Obstetric care often (not always) offers multiple opportunities for informative discussion. The National Health & Medical Research Council (NHMRC) National Statement on Ethical Conduct in Human Research, 2007 advises, ‘Respect for human beings involves giving due scope to people’s capacity to make their own decisions’.5 While outcomes are not always predictable, many obstetric outcomes are foreseeable. Indeed, the outcome for elective caesarean section, for example, is fairly standardised.

The debate about how women should be cared for in pregnancy, labour and birth will continue. However, recognition of the woman’s autonomy, right to be informed and right to informed choice should be paramount and amounts simply to fair, reasonable and ethical care. In the normal course of obstetric care, we suggest that women should formally consent to labour and vaginal delivery.

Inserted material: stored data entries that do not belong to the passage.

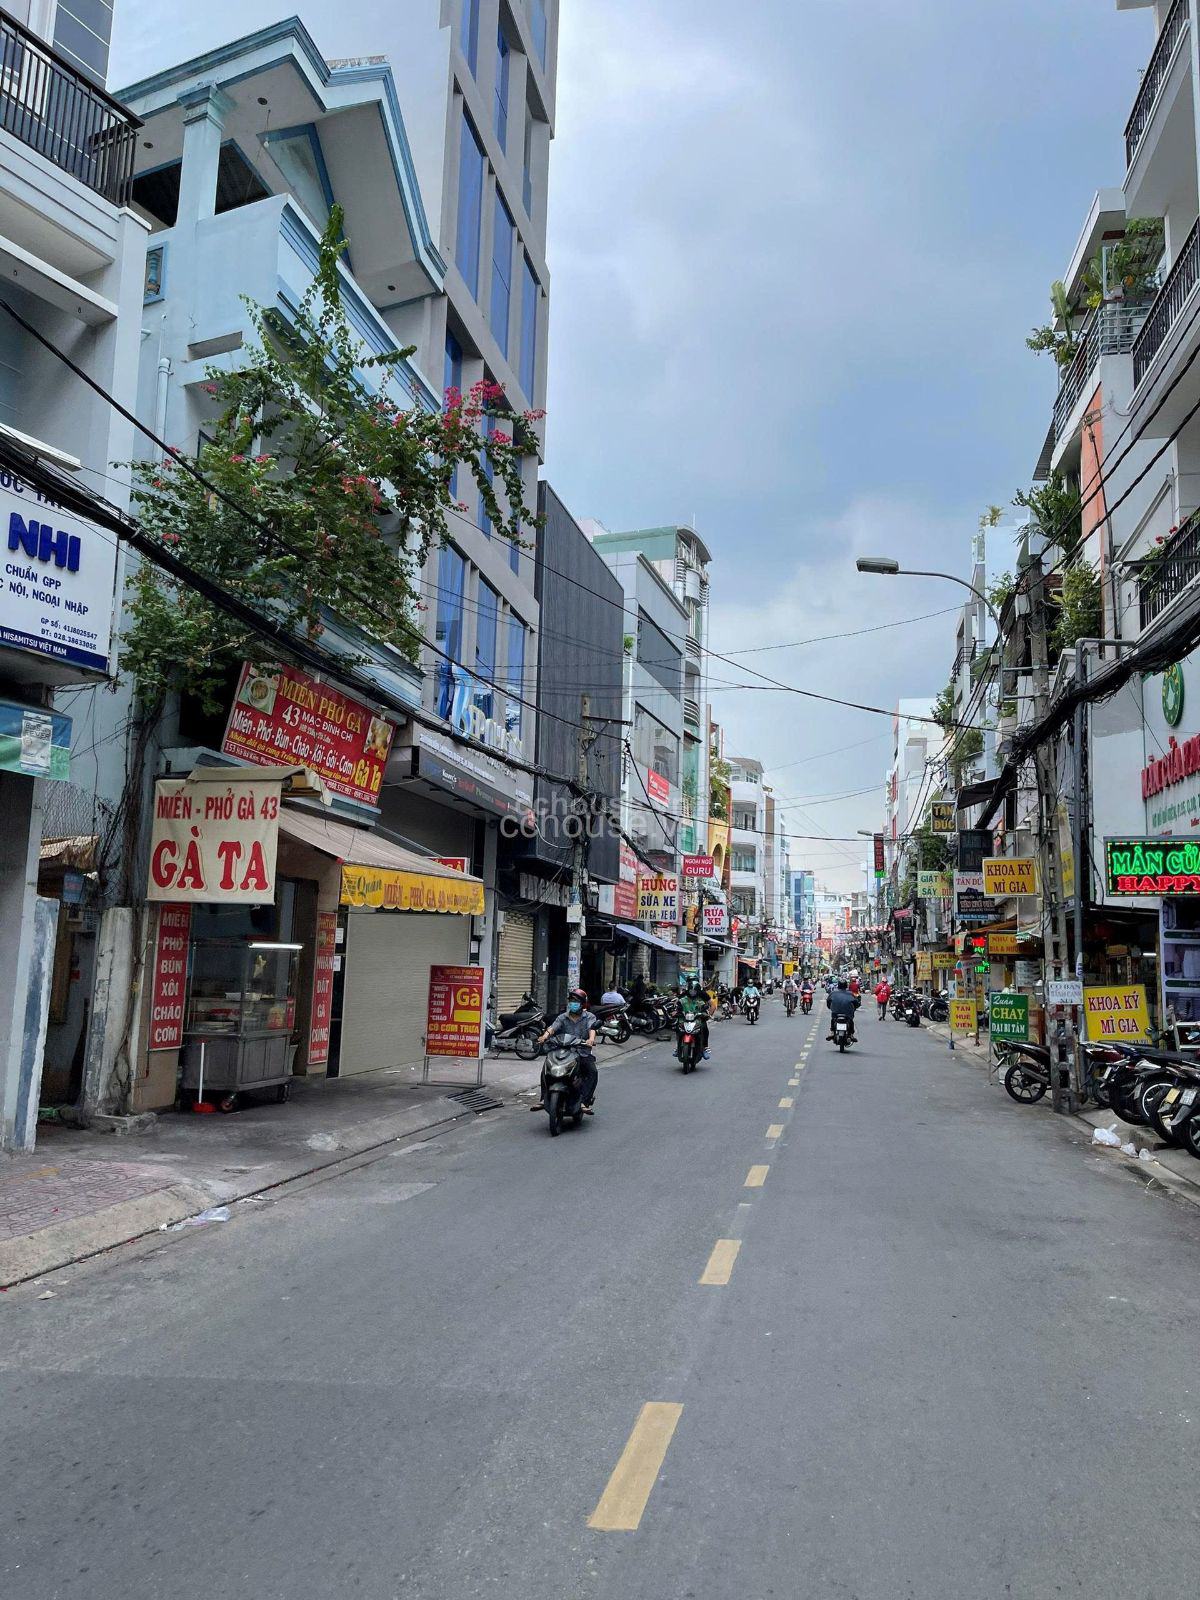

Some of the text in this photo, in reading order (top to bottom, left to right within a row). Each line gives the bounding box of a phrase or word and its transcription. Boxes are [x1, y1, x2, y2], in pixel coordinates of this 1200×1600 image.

[8, 512, 81, 574] NHI
[6, 563, 62, 590] CHUẨN GPP
[32, 589, 60, 608] NGOẠI
[65, 600, 89, 616] NHẬP
[41, 617, 50, 625] GP
[3, 631, 67, 656] HISAMITSU VIỆT NAM
[280, 677, 318, 710] MIẾN
[347, 711, 365, 734] GÀ
[282, 705, 300, 727] 43
[341, 730, 353, 743] CHI
[232, 709, 253, 735] Miến
[274, 728, 290, 750] Bún
[292, 735, 310, 758] Cháo
[339, 755, 353, 775] Cơm
[355, 758, 370, 788] Gà
[370, 764, 382, 792] Ta
[157, 787, 192, 819] MIẾN
[205, 787, 235, 820] PHỞ
[237, 791, 255, 820] GÀ
[260, 797, 278, 820] 43
[934, 818, 955, 830] ĐỨC
[152, 826, 269, 891] GÀ TA
[1112, 846, 1163, 875] MÀN
[686, 867, 711, 875] GURU
[987, 864, 1016, 877] KHOA
[641, 875, 677, 892] HÙNG
[994, 879, 1028, 893] MÌ GIA
[641, 893, 676, 907] SỬA XE
[638, 910, 649, 919] TAY
[661, 910, 668, 920] XE
[704, 906, 725, 917] RỬA
[707, 918, 721, 926] XE
[161, 957, 182, 974] BÚN
[161, 979, 179, 997] XÔI
[456, 987, 481, 1007] Gà
[993, 996, 1014, 1005] Quán
[1088, 996, 1121, 1011] KHOA
[154, 1002, 182, 1020] CHÁO
[992, 1007, 1026, 1020] CHAY
[1101, 1016, 1139, 1034] MÌ GIA
[155, 1026, 178, 1043] CƠM

NSW Health’s policy for the provision of information to patients6

Consent is required for a surgical procedure such as caesarean section, because of the inherent risks, both immediate and future. Labour and vaginal delivery, too, carries inherent physical and psychological risk. In standard clinical practice understanding of those risks is assumed. However, we would argue that this is unreasonable. A woman with no prior experience of birth cannot reasonably be expected to have an understanding of the potential pain, fatigue, risk of emergency caesarean section, risk of perineal trauma or risk of postpartum haemorrhage.

The NHMRC in 1993 produced a set of guidelines for medical practitioners on providing information to patients which is largely in accord with the findings in Rogers V. Whitaker.

The NHMRC recommends that practitioners discuss:

(i) the possible or likely nature of the illness;
(ii) the proposed approach to investigation and treatment including:
– what the proposed approach entails,
– the expected benefits;
– common side effects and material risks;
– whether the procedure is conventional or experimental; and
– who will undertake the intervention.
(iii) other options for diagnosis and treatment;
(iv) the degree of uncertainty of the diagnosis and any therapeutic outcome;
(v) the likely outcome of not having the diagnostic procedure or treatment, or of not
having any procedure or treatment at all;
(vi) any significant long term physical, emotional, mental, social, sexual, or other
outcome which may be associated with the proposed intervention; and
(vii) the time and cost involved including any out of pocket expenses.

The NHMRC guidelines note that a practitioner’s judgment about how to convey risks will be influenced by a number of factors. These include: the seriousness of the patient’s condition, the nature of the intervention (complex interventions require more information); the likelihood of harm and the degree of possible harm; the questions asked by the patient; the patient’s temperament, attitude and level of understanding (including literacy and intelligence level); and accepted medical practice. Information should be provided in a form and manner which helps patients to understand the problem and the treatment options available, and which is appropriate to the patient’s circumstances.


  1. Consent to Medical Treatment – Patient Information Document Number PD2005_406 Publication date 27-Jan-2005. NSW Health. au/policies/PD/2005/pdf/PD2005_406.pdf.
  2. Consent to Medical Treatment – Patient Information Document Number PD2005_406 Publication date 27-Jan-2005. NSW Health. au/policies/PD/2005/pdf/PD2005_406.pdf.
  3. Consent to Medical Treatment – Patient Information Document Number PD2005_406 Publication date 27-Jan-2005. NSW Health. au/policies/PD/2005/pdf/PD2005_406.pdf.
  4. Consent to Medical Treatment – Patient Information Document Number PD2005_406 Publication date 27-Jan-2005. NSW Health. au/policies/PD/2005/pdf/PD2005_406.pdf.
  5. National Statement on Ethical Conduct in Human Research (2007) (Updated May 2015) NHMRC.